Exact copy required. Repeat the records, but keep the pictures out.

**** EXTRACTED INFORMATION ****

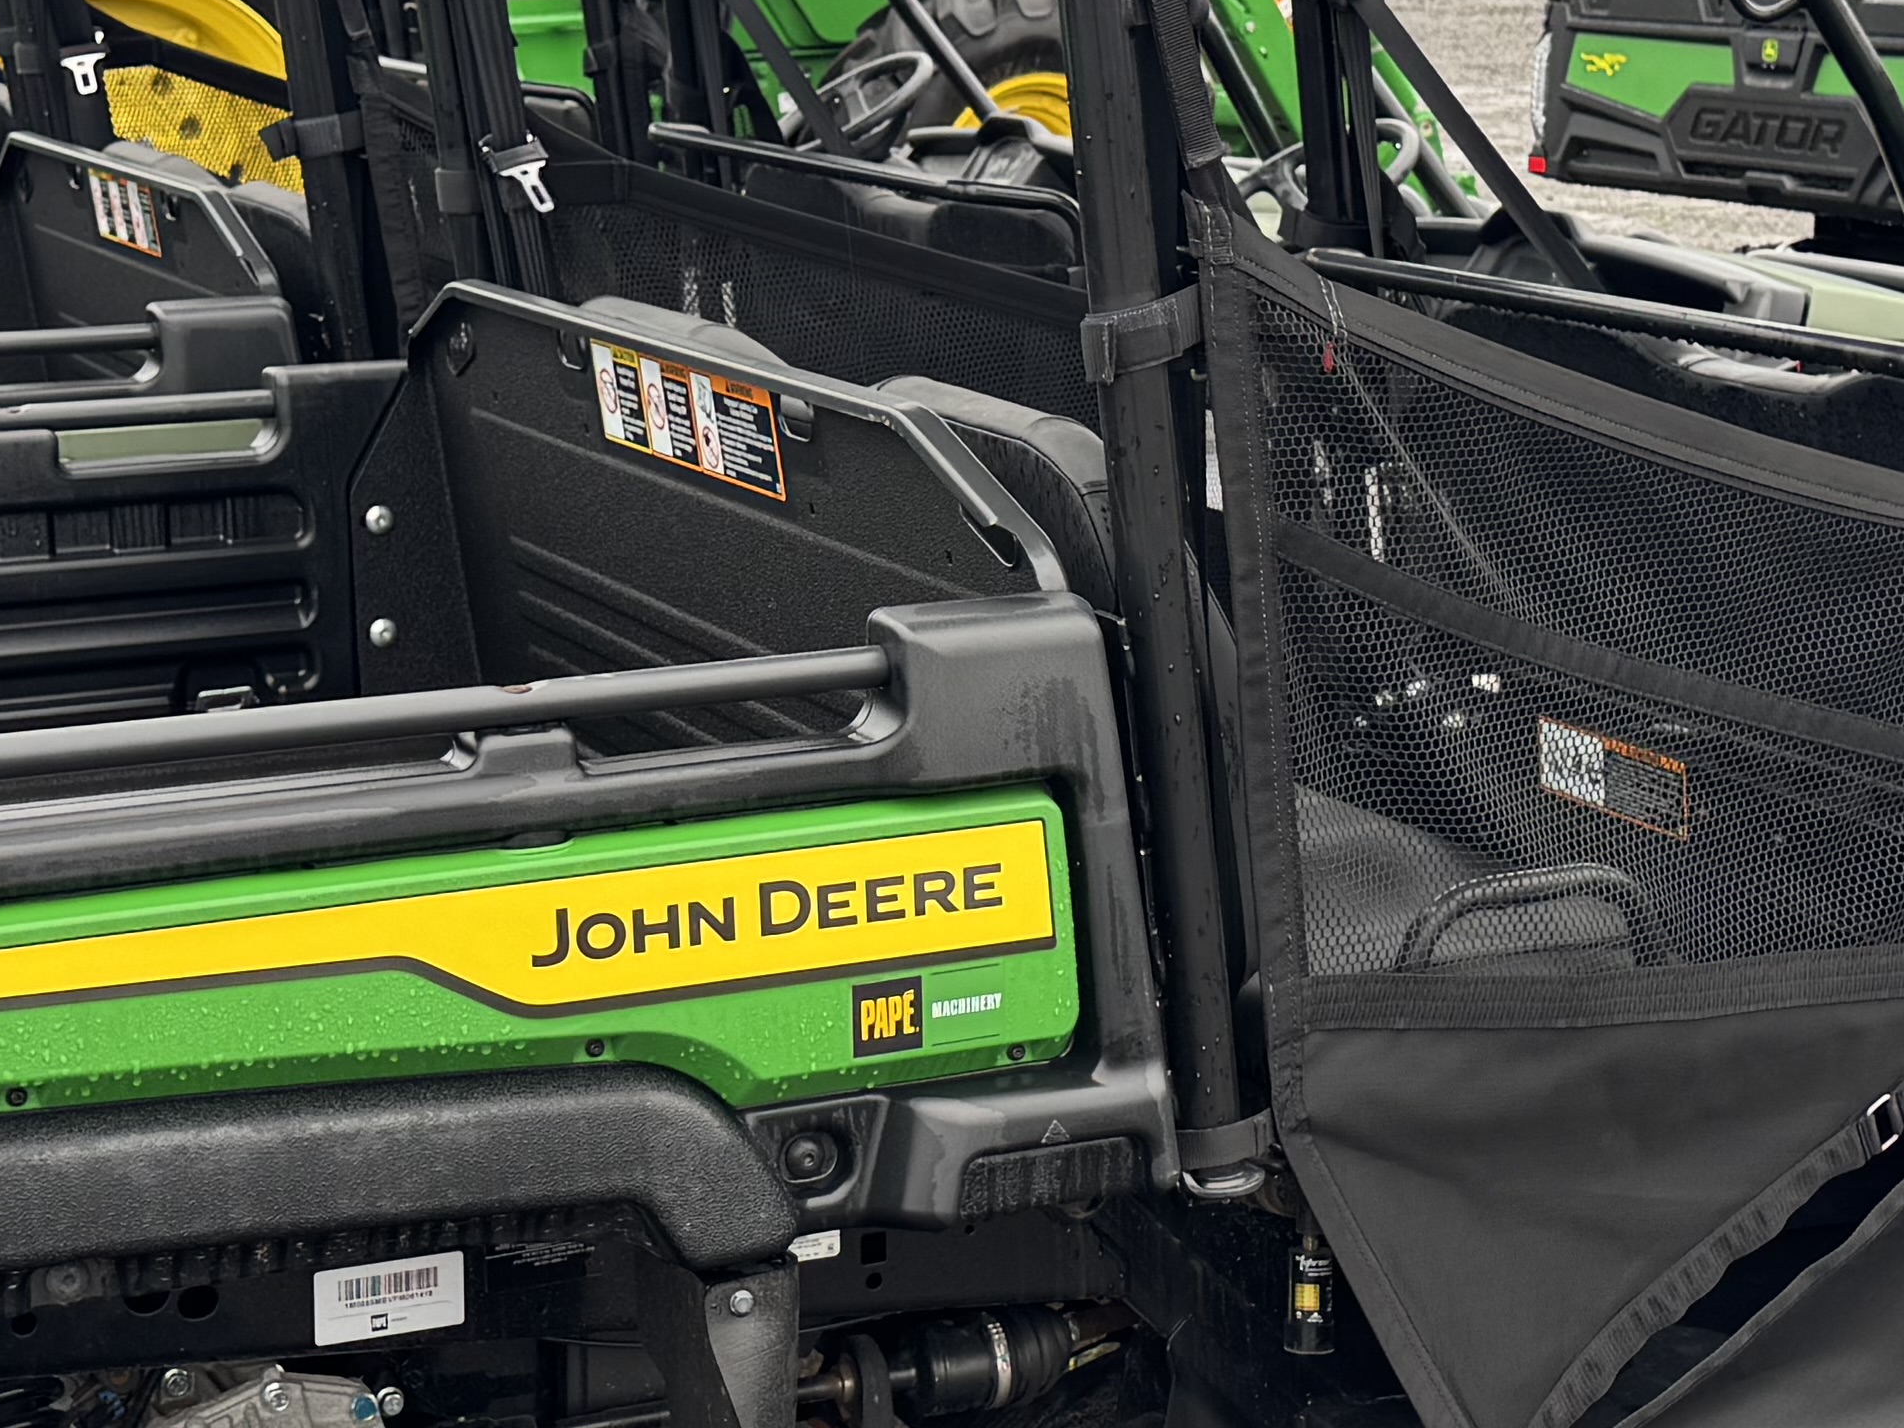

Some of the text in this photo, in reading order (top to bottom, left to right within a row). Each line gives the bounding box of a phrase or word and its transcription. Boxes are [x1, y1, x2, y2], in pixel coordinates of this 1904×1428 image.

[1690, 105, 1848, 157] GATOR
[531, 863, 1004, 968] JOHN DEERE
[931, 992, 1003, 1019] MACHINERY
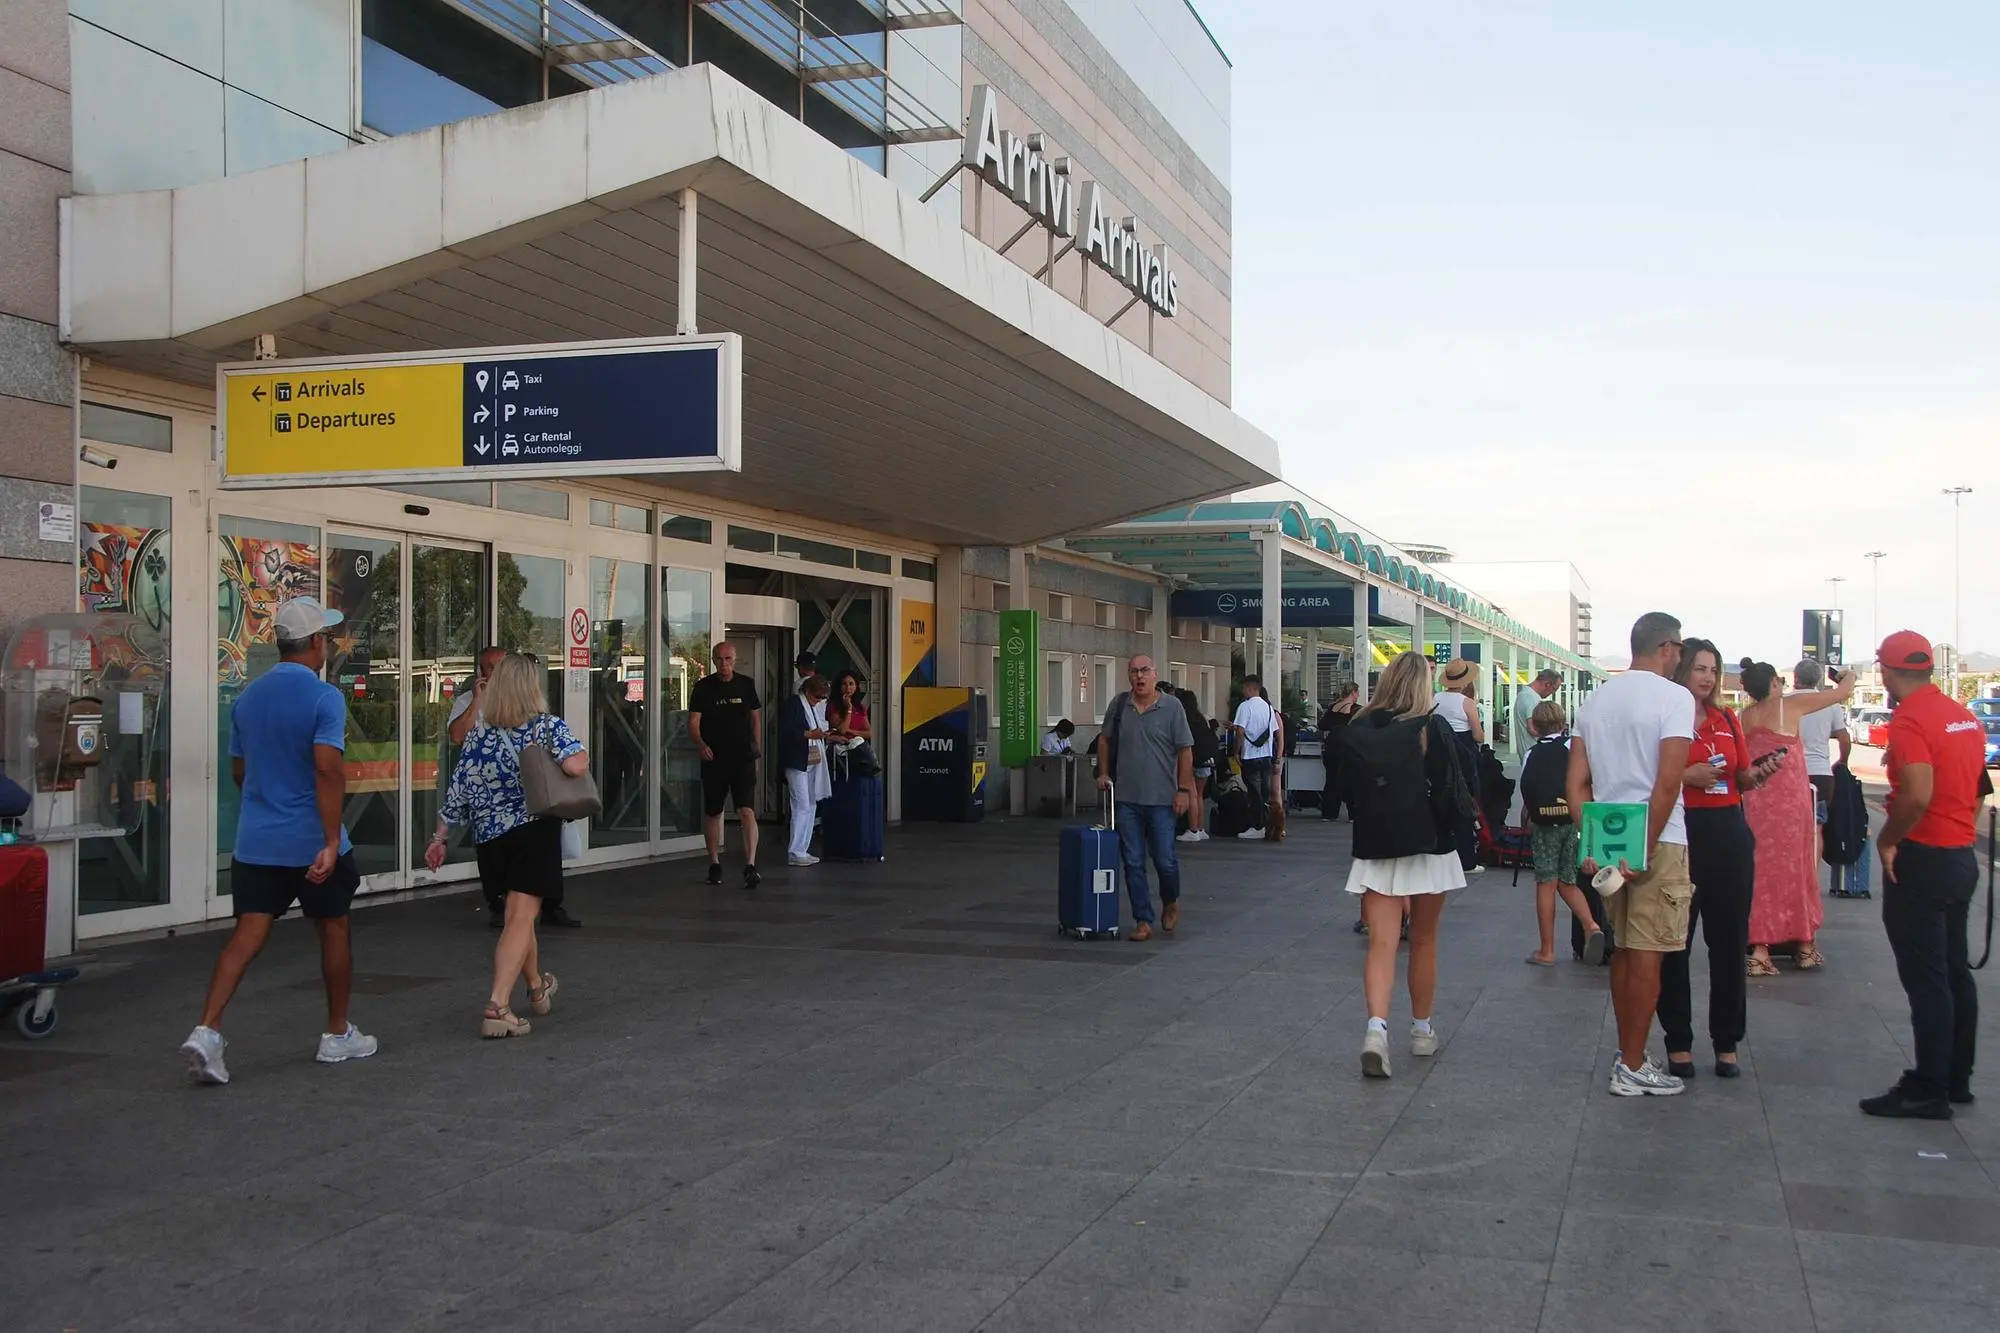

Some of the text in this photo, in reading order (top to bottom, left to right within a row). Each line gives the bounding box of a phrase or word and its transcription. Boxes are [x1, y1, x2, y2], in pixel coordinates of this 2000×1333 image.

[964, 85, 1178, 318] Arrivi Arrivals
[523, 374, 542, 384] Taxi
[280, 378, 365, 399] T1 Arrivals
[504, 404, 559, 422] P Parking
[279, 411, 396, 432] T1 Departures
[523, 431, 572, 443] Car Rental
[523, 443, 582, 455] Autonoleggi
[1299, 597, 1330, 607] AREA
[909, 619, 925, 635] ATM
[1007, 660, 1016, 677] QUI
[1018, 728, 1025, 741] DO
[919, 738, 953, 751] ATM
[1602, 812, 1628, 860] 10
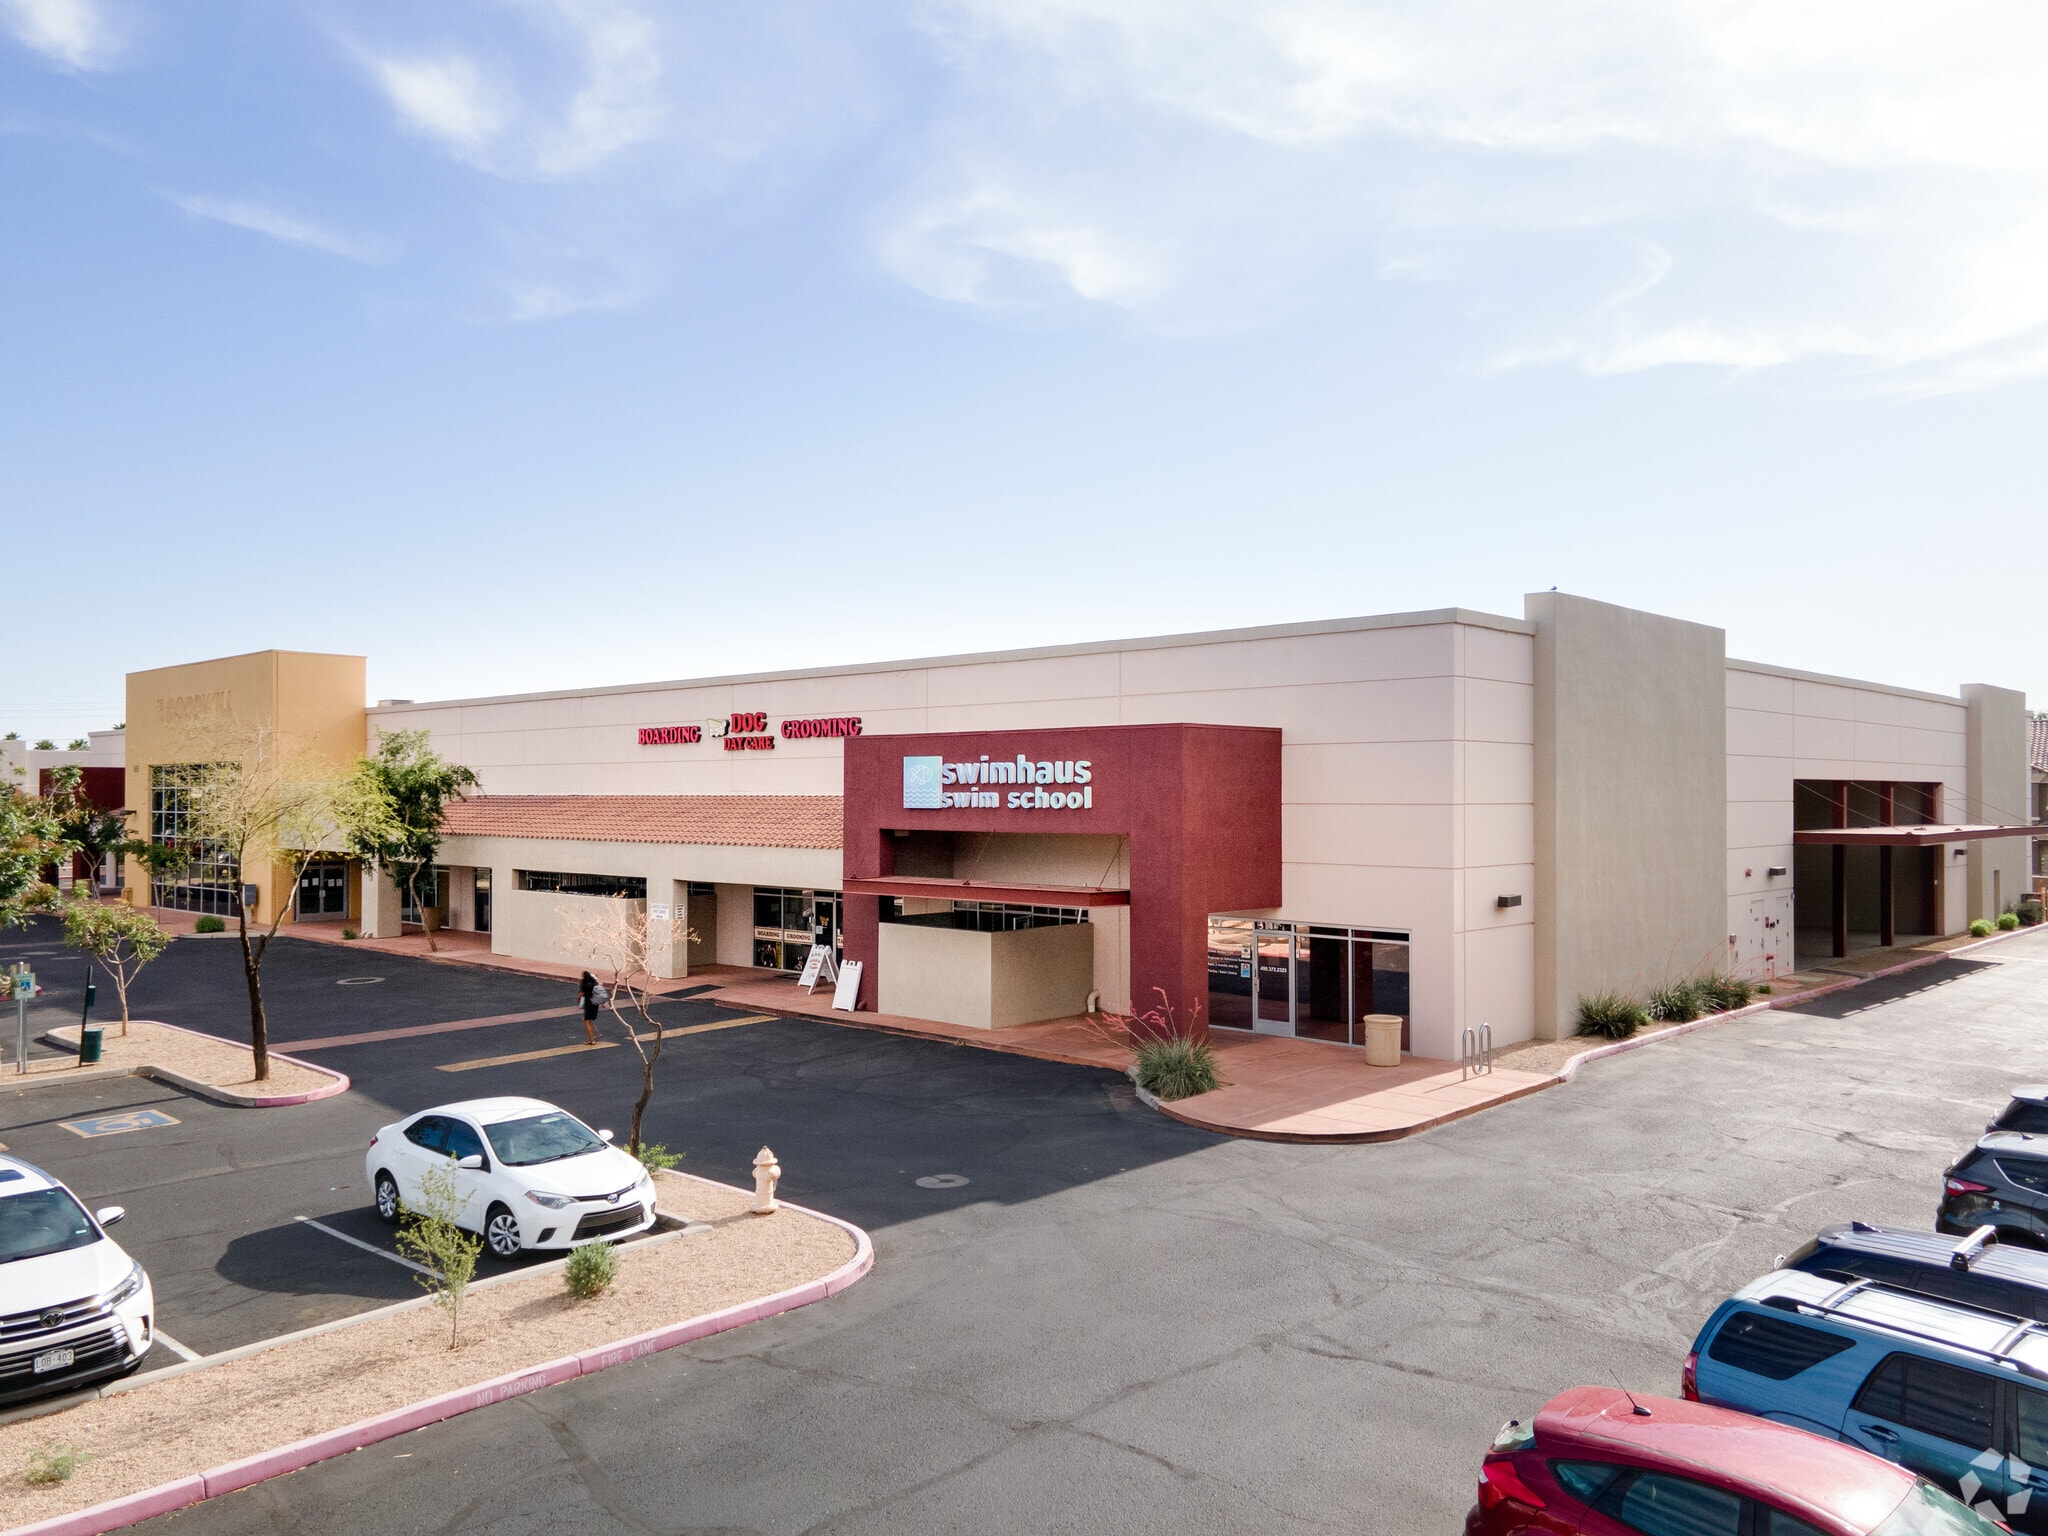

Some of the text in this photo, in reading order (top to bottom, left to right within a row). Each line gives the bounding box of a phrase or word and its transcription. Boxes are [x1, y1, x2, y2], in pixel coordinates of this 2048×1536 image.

****

> [COMPLETED TASK]
Some of the text in this photo, in reading order (top to bottom, left to right within a row). Each line gives the bounding box of a phrase or word and its transcription. Boxes are [x1, y1, x2, y2], in pixel coordinates of this 1904×1428 image.

[1690, 105, 1848, 157] GATOR
[531, 863, 1004, 968] JOHN DEERE
[931, 992, 1003, 1019] MACHINERY

Some of the text in this photo, in reading order (top to bottom, left to right within a row). Each line gives the bounding box of a phrase or word and its transcription. Boxes are [x1, y1, x2, y2], in pixel coordinates of this 2000×1333 image.

[964, 85, 1178, 318] Arrivi Arrivals
[523, 374, 542, 384] Taxi
[280, 378, 365, 399] T1 Arrivals
[504, 404, 559, 422] P Parking
[279, 411, 396, 432] T1 Departures
[523, 431, 572, 443] Car Rental
[523, 443, 582, 455] Autonoleggi
[1299, 597, 1330, 607] AREA
[909, 619, 925, 635] ATM
[1007, 660, 1016, 677] QUI
[1018, 728, 1025, 741] DO
[919, 738, 953, 751] ATM
[1602, 812, 1628, 860] 10

Some of the text in this photo, in reading order (top to bottom, left to right within a row). Each line gives the bounding box of a phrase or word and its transcription. Boxes are [x1, y1, x2, y2], in pixel coordinates of this 2048×1536 image.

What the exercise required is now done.